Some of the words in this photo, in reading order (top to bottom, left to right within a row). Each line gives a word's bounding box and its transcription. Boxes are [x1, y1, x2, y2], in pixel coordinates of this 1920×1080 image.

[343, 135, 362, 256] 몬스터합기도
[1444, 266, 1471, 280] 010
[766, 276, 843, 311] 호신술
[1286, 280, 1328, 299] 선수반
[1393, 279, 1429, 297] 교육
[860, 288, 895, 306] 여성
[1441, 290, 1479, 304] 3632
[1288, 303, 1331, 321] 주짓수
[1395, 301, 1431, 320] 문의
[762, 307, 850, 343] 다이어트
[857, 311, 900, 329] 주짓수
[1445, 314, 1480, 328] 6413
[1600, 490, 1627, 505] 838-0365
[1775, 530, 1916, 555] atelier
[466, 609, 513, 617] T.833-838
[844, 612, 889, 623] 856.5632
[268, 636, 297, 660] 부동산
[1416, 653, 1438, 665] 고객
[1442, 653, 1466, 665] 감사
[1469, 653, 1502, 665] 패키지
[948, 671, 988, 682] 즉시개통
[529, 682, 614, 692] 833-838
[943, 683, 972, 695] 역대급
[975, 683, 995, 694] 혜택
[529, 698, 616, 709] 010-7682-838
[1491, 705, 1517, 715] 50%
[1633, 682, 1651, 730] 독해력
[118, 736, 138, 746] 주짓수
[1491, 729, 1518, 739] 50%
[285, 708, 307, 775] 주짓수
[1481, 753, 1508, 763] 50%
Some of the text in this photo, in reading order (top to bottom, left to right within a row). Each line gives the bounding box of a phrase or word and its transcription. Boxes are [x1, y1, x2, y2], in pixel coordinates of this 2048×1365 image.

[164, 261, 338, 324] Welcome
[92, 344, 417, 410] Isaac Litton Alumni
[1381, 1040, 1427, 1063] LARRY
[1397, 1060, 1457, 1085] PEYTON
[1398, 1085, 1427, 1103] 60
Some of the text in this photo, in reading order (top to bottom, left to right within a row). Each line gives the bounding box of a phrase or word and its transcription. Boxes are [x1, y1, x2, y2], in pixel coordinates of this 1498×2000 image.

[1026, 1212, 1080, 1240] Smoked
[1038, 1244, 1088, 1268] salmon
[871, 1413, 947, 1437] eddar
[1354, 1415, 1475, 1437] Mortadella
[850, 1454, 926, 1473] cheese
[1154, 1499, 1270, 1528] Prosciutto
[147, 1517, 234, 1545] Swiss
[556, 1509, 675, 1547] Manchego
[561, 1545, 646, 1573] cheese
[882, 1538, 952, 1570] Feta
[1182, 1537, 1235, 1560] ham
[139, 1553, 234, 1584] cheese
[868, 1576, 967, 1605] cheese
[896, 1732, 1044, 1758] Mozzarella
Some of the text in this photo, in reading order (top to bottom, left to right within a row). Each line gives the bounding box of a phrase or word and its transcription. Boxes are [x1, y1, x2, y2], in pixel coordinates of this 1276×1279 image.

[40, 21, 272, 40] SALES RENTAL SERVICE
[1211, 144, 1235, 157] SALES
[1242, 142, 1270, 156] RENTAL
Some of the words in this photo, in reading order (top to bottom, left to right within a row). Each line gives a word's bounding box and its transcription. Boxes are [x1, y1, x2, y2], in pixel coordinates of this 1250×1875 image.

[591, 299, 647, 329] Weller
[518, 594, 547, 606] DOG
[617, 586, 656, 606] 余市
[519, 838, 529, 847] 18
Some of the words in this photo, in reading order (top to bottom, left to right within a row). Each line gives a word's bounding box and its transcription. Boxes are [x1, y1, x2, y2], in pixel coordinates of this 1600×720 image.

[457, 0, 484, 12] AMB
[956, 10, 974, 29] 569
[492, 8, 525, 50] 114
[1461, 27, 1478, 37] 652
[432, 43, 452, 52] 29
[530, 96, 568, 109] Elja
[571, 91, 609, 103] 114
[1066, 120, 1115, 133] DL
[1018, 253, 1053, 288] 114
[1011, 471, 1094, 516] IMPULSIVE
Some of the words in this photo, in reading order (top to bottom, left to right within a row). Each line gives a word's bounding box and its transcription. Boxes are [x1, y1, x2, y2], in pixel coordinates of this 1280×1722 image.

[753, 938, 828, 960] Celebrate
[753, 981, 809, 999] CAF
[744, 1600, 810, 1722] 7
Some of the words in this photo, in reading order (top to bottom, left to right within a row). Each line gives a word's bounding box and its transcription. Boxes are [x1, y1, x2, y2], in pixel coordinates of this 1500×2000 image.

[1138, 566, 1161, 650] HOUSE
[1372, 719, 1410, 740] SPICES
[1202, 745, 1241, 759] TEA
☆ ☆ ☆ ☆
• _TASK INSTRUCTIONS_
An exact restatement of the data is required.

• _TASK RESPONSE_
Some of the words in this photo, in reading order (top to bottom, left to right within a row). Each line gives a word's bounding box and its transcription. Boxes are [x1, y1, x2, y2], in pixel coordinates of this 1920×1080 image.

[343, 135, 362, 256] 몬스터합기도
[1444, 266, 1471, 280] 010
[766, 276, 843, 311] 호신술
[1286, 280, 1328, 299] 선수반
[1393, 279, 1429, 297] 교육
[860, 288, 895, 306] 여성
[1441, 290, 1479, 304] 3632
[1288, 303, 1331, 321] 주짓수
[1395, 301, 1431, 320] 문의
[762, 307, 850, 343] 다이어트
[857, 311, 900, 329] 주짓수
[1445, 314, 1480, 328] 6413
[1600, 490, 1627, 505] 838-0365
[1775, 530, 1916, 555] atelier
[466, 609, 513, 617] T.833-838
[844, 612, 889, 623] 856.5632
[268, 636, 297, 660] 부동산
[1416, 653, 1438, 665] 고객
[1442, 653, 1466, 665] 감사
[1469, 653, 1502, 665] 패키지
[948, 671, 988, 682] 즉시개통
[529, 682, 614, 692] 833-838
[943, 683, 972, 695] 역대급
[975, 683, 995, 694] 혜택
[529, 698, 616, 709] 010-7682-838
[1491, 705, 1517, 715] 50%
[1633, 682, 1651, 730] 독해력
[118, 736, 138, 746] 주짓수
[1491, 729, 1518, 739] 50%
[285, 708, 307, 775] 주짓수
[1481, 753, 1508, 763] 50%
Some of the text in this photo, in reading order (top to bottom, left to right within a row). Each line gives the bounding box of a phrase or word and its transcription. Boxes are [x1, y1, x2, y2], in pixel coordinates of this 2048×1365 image.

[164, 261, 338, 324] Welcome
[92, 344, 417, 410] Isaac Litton Alumni
[1381, 1040, 1427, 1063] LARRY
[1397, 1060, 1457, 1085] PEYTON
[1398, 1085, 1427, 1103] 60
Some of the text in this photo, in reading order (top to bottom, left to right within a row). Each line gives the bounding box of a phrase or word and its transcription. Boxes are [x1, y1, x2, y2], in pixel coordinates of this 1498×2000 image.

[1026, 1212, 1080, 1240] Smoked
[1038, 1244, 1088, 1268] salmon
[871, 1413, 947, 1437] eddar
[1354, 1415, 1475, 1437] Mortadella
[850, 1454, 926, 1473] cheese
[1154, 1499, 1270, 1528] Prosciutto
[147, 1517, 234, 1545] Swiss
[556, 1509, 675, 1547] Manchego
[561, 1545, 646, 1573] cheese
[882, 1538, 952, 1570] Feta
[1182, 1537, 1235, 1560] ham
[139, 1553, 234, 1584] cheese
[868, 1576, 967, 1605] cheese
[896, 1732, 1044, 1758] Mozzarella
Some of the text in this photo, in reading order (top to bottom, left to right within a row). Each line gives the bounding box of a phrase or word and its transcription. Boxes are [x1, y1, x2, y2], in pixel coordinates of this 1276×1279 image.

[40, 21, 272, 40] SALES RENTAL SERVICE
[1211, 144, 1235, 157] SALES
[1242, 142, 1270, 156] RENTAL
Some of the words in this photo, in reading order (top to bottom, left to right within a row). Each line gives a word's bounding box and its transcription. Boxes are [x1, y1, x2, y2], in pixel coordinates of this 1250×1875 image.

[591, 299, 647, 329] Weller
[518, 594, 547, 606] DOG
[617, 586, 656, 606] 余市
[519, 838, 529, 847] 18
Some of the words in this photo, in reading order (top to bottom, left to right within a row). Each line gives a word's bounding box and its transcription. Boxes are [x1, y1, x2, y2], in pixel coordinates of this 1600×720 image.

[457, 0, 484, 12] AMB
[956, 10, 974, 29] 569
[492, 8, 525, 50] 114
[1461, 27, 1478, 37] 652
[432, 43, 452, 52] 29
[530, 96, 568, 109] Elja
[571, 91, 609, 103] 114
[1066, 120, 1115, 133] DL
[1018, 253, 1053, 288] 114
[1011, 471, 1094, 516] IMPULSIVE
Some of the words in this photo, in reading order (top to bottom, left to right within a row). Each line gives a word's bounding box and its transcription. Boxes are [x1, y1, x2, y2], in pixel coordinates of this 1280×1722 image.

[753, 938, 828, 960] Celebrate
[753, 981, 809, 999] CAF
[744, 1600, 810, 1722] 7
Some of the words in this photo, in reading order (top to bottom, left to right within a row). Each line gives a word's bounding box and its transcription. Boxes are [x1, y1, x2, y2], in pixel coordinates of this 1500×2000 image.

[1138, 566, 1161, 650] HOUSE
[1372, 719, 1410, 740] SPICES
[1202, 745, 1241, 759] TEA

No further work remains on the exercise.